Using external services: Prohibited from calling external APIs, cloud services, or any functionality requiring network connection
Data and answer cheating: Prohibited from training on test data, pre-computing answers, hardcoding outputs
Model replacement and tampering: Participants should focus on operator-level optimization. Do not use additional datasets to train the model, change model architecture, or directly modify weight values.
Overfitting optimization: Prohibited from using conditional branches or special processing for specific evaluation samples
Black-box tool application: Behavior of only modifying configuration files without substantive code contributions is not recognized
Environment manipulation: Prohibited from interfering with fair evaluation by modifying system environment, GPU frequency locking, etc.

Important Notes

Sample Selection

The provided benchmark.py uses fixed order (first N samples from index 0)
When you run --num-samples 100, it evaluates samples 0-99
This ensures reproducibility for local self-testing
Note: The official evaluation system used by the competition committee may employ different sampling strategies (including random sampling) for final verification

Hardware Information

The benchmark automatically records detailed hardware information:

Python version, PyTorch version, CUDA version
GPU name, memory, compute capability
CPU model, cores, frequency
System information (OS, kernel, architecture)
PPU information (if available)

This information is saved in result.json under system_info for statistical analysis.

Performance Measurement

Warmup: 10 samples are used for GPU warmup before actual measurement
TTFT Measurement: Measures time from input preparation to first token (includes all preprocessing)
Throughput Measurement: Measures end-to-end generation time for 128 tokens
State Isolation: GPU cache is cleared between measurements to ensure fairness

Random Seed

The --random-seed parameter only affects PyTorch's random number generator
It does NOT affect sample selection order (which is always fixed)
Use it for reproducibility of model inference randomness

Output Format

The result.json file contains:

{
  "system_info": {
    "timestamp": "...",
    "python_version": "...",
    "torch_version": "...",
    "cuda_version": "...",
    "gpu_name": "...",
    ...
  },
  "performance": {
    "avg_ttft_ms": 90.55,
    "avg_throughput_tokens_per_sec": 57.77
  },
  "answers": [
    {
      "question_id": 34602,
      "prediction": "your answer text here"
    },
    ...
  ]
}

Submission Guidelines

Required Files for Preliminary Submission

result.json - Generated by running benchmark.py
- Contains predictions for all samples
- Must include valid performance metrics
- Important: The result.json uploaded to the Tianchi platform is for reference only.

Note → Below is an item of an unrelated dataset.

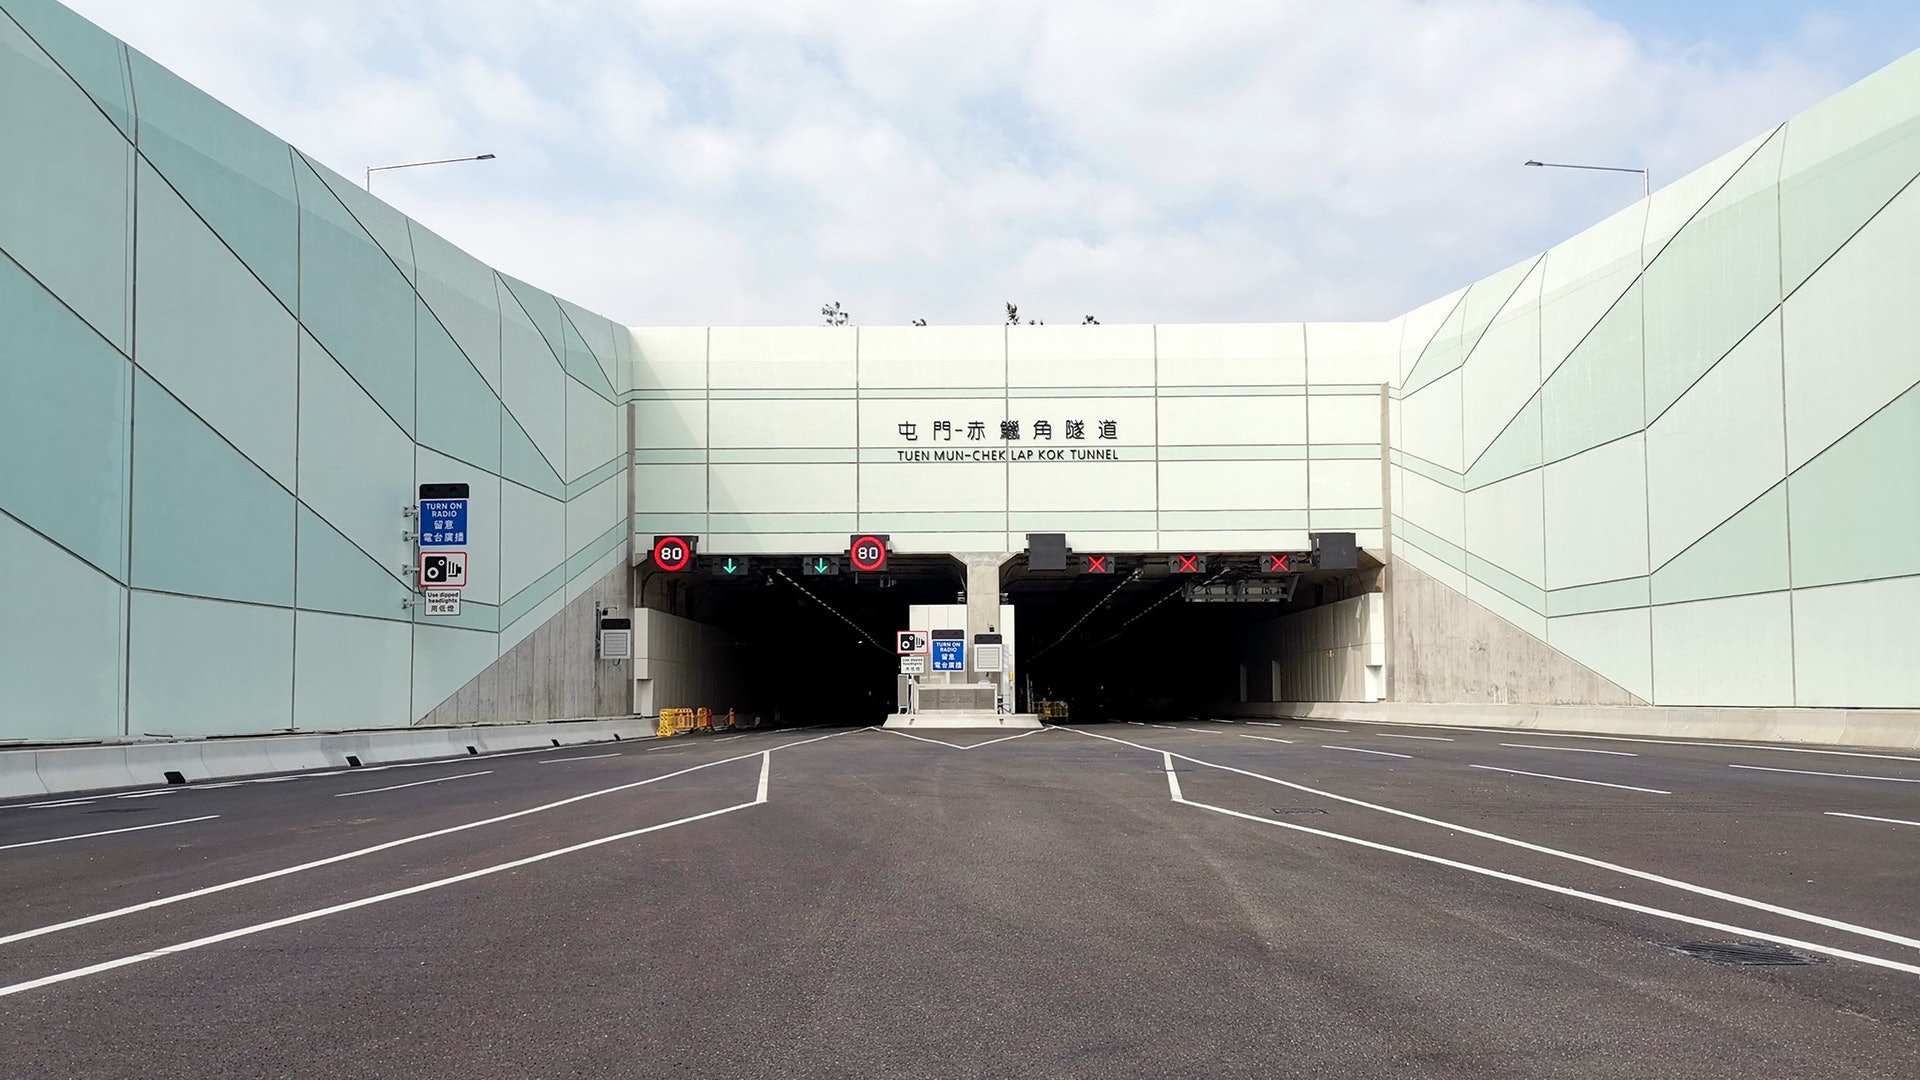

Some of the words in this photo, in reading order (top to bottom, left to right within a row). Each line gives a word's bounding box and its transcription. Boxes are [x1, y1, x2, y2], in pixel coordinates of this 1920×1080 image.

Final scores will be evaluated by the competition committee using standardized hardware and the official evaluation system.
Your optimized code - evaluation_wrapper.py containing your optimized VLMModel class
Docker image - Container with your optimized environment

Evaluation Process

Self-Testing: Use the provided benchmark.py to test your optimizations locally
Submission: Upload your result.json to the Tianchi platform (for reference only)
Official Evaluation: The competition committee will evaluate your code using:
- Docker image submission
- Standardized hardware environment
- Official evaluation code
- Full validation set with random sampling for verification
Final Ranking: Based on the final score calculated by the official evaluation system

Good Luck!

We hope you will focus on operator-level optimization, kernel replacement, and efficient memory management. Remember: accuracy and speed are equally important! Good luck!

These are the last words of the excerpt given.